The blogger reporting from Jordan tells a tale of a Sunni Muslim family wishing to get into the US (you can read the story yourself) who is turned down for resettlement supposedly because the father says he doesn’t know what will happen to them if they return to Iraq.

She then makes a case for legal representation for Iraqi prospective refugees.

Of course, no one knows what would happen to them if they went back to Iraq, although the most reasonable prediction would be death for one or all family members, but at this point his interviewer closed his file and the family got a notice from the US embassy that they were “ineligible for resettlement,” that “there is no appeal” and that the principal applicant may make a detailed request for review based on new evidence or significant error within 90 days.

There are no guarantees that we will be successful in pressing Iklass and Raed’s case, of course.
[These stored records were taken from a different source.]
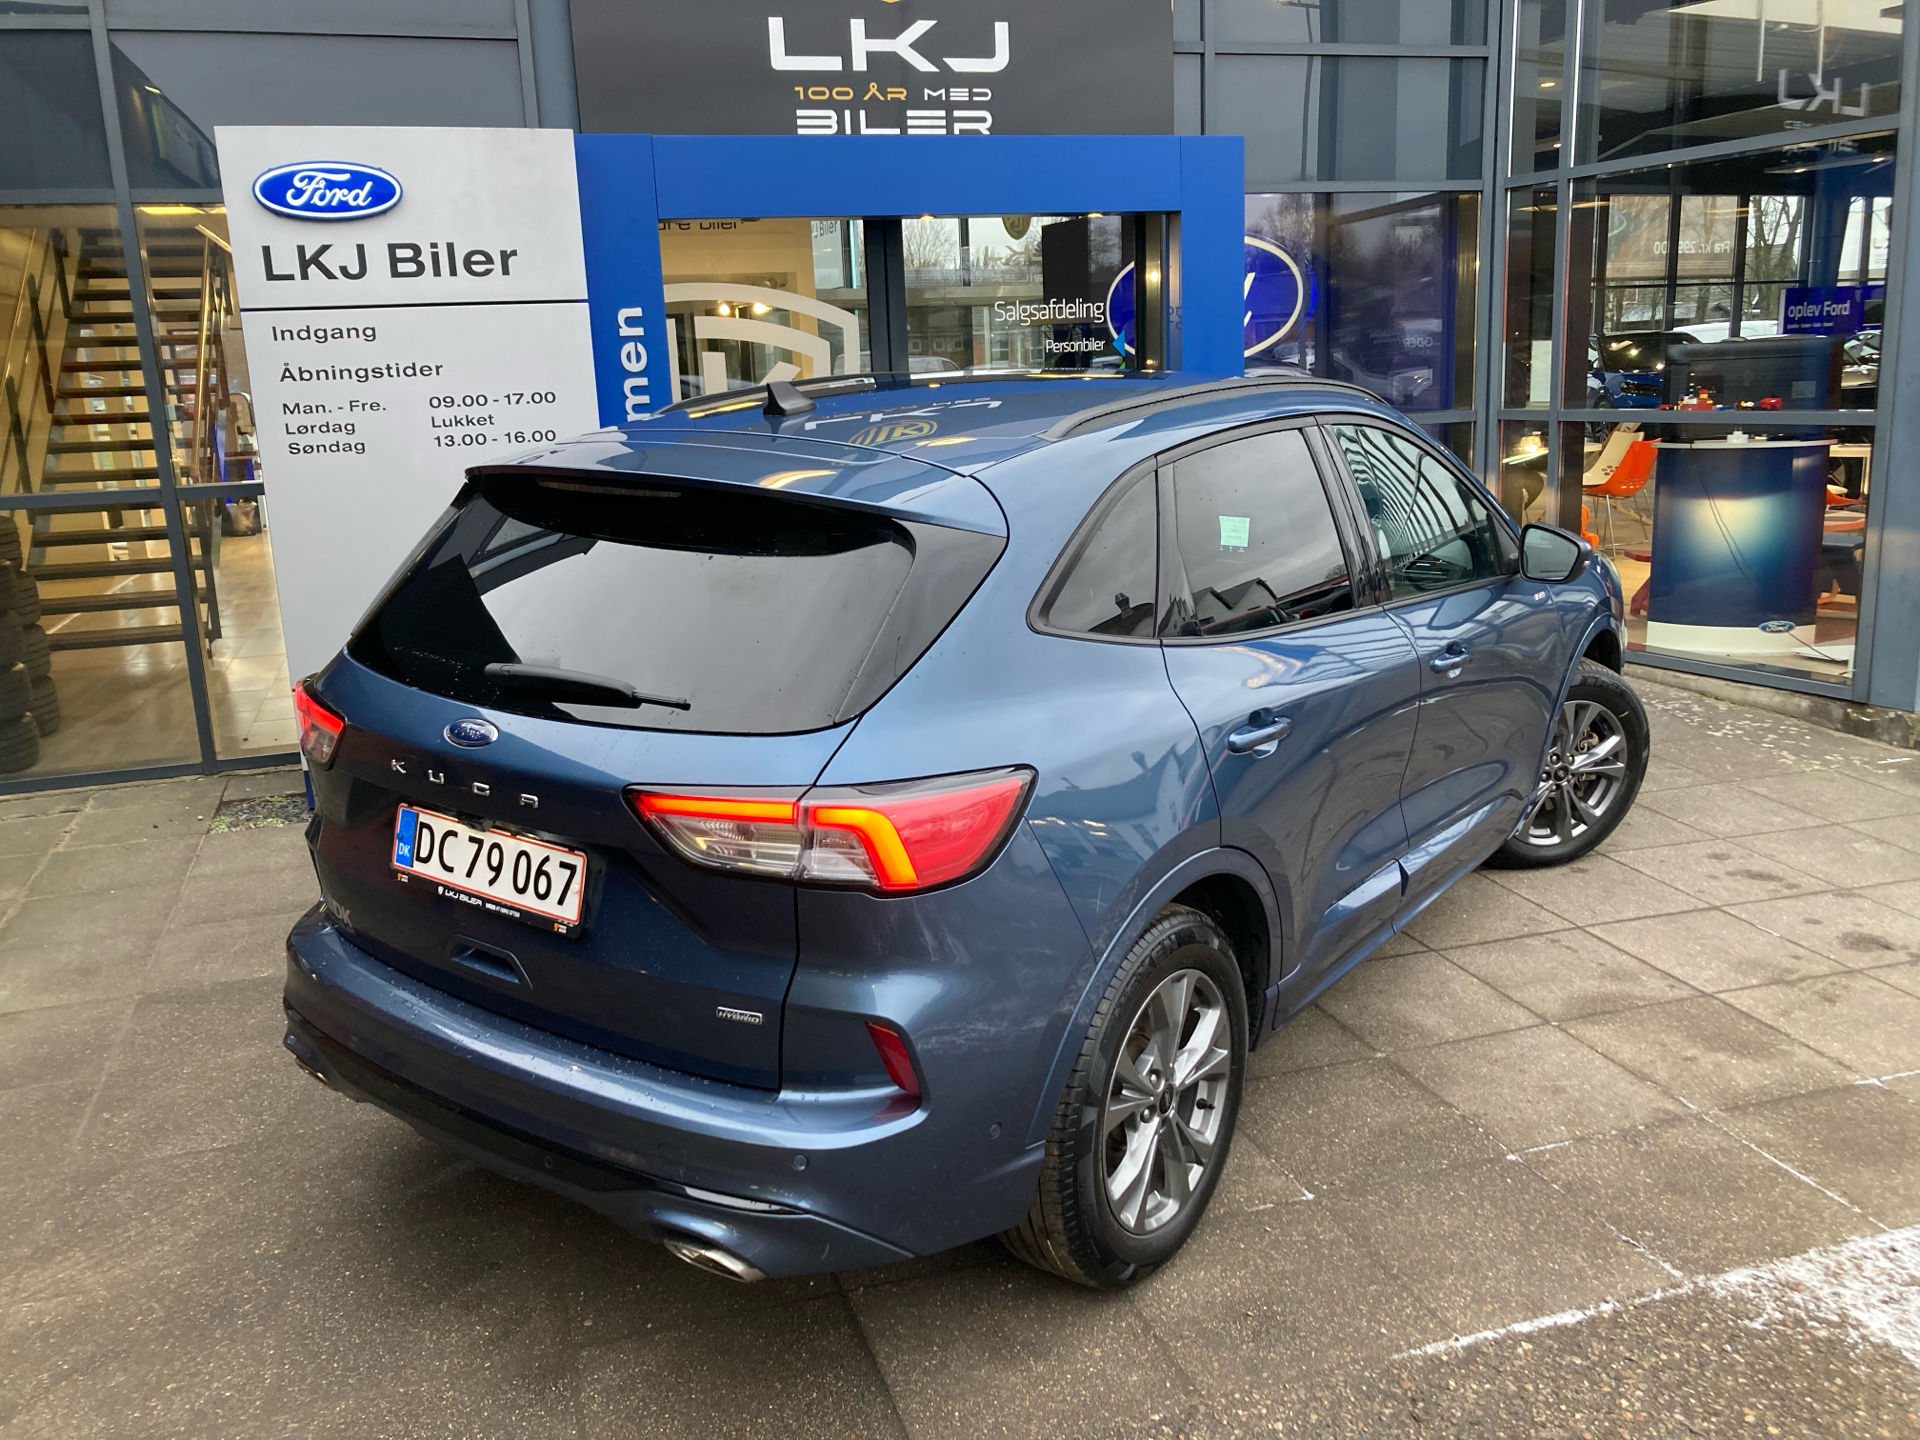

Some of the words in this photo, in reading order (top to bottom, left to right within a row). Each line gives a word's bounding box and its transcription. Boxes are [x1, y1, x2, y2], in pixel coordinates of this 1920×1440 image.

[768, 16, 1010, 72] LKJ
[794, 86, 854, 100] 100
[863, 82, 907, 101] ÅR
[924, 88, 992, 101] MED
[796, 109, 993, 135] BILER
[286, 171, 374, 207] Ford
[261, 243, 368, 282] LKJ
[387, 241, 519, 279] Biler
[994, 298, 1105, 326] Salgsafdeling
[1787, 301, 1822, 321] oplev
[1823, 299, 1851, 316] Ford
[271, 325, 377, 344] Indgang
[1045, 337, 1106, 353] Personbiler
[279, 362, 444, 383] Åbningstider
[617, 307, 651, 423] men
[282, 402, 333, 415] Man.
[349, 399, 387, 412] Fre.
[428, 394, 489, 409] 09.00
[503, 391, 557, 405] 17.00
[285, 421, 356, 435] Lørdag
[431, 413, 495, 428] Lukket
[288, 441, 366, 455] Søndag
[433, 432, 488, 448] 13.00
[504, 429, 557, 444] 16.00
[391, 758, 539, 809] KUGA
[397, 842, 411, 857] DK
[414, 820, 459, 874] DC
[464, 835, 505, 887] 79
[512, 849, 578, 907] 067
[718, 1009, 760, 1023] HYBRID
But I hope I’ve demonstrated that at this point, a family in their situation needs a lawyer. Any rational person faced with this final determination on their entire future peppered with legalese would head straight for the nearest directory of attorneys. Unfortunately, refugees at this stage have no right to legal representation. No, more than that, they’re not allowed it. Our legal advocates can help them prepare their documents, make legal arguments on their behalf, and moot them before their last interview, assuming it is granted. But unlike an asylum seeker (who has already made it to US soil), these applicants may not bring a legal representative with them to meetings at IOM (International Organization for Migration), and their representatives are not allowed access to their files. Their legal rights are about on par with someone applying for a tourist visa – none.

Although she doesn’t venture there, you get three guesses who would fund the lawyer!   US taxpayer, US taxpayer, US taxpayer.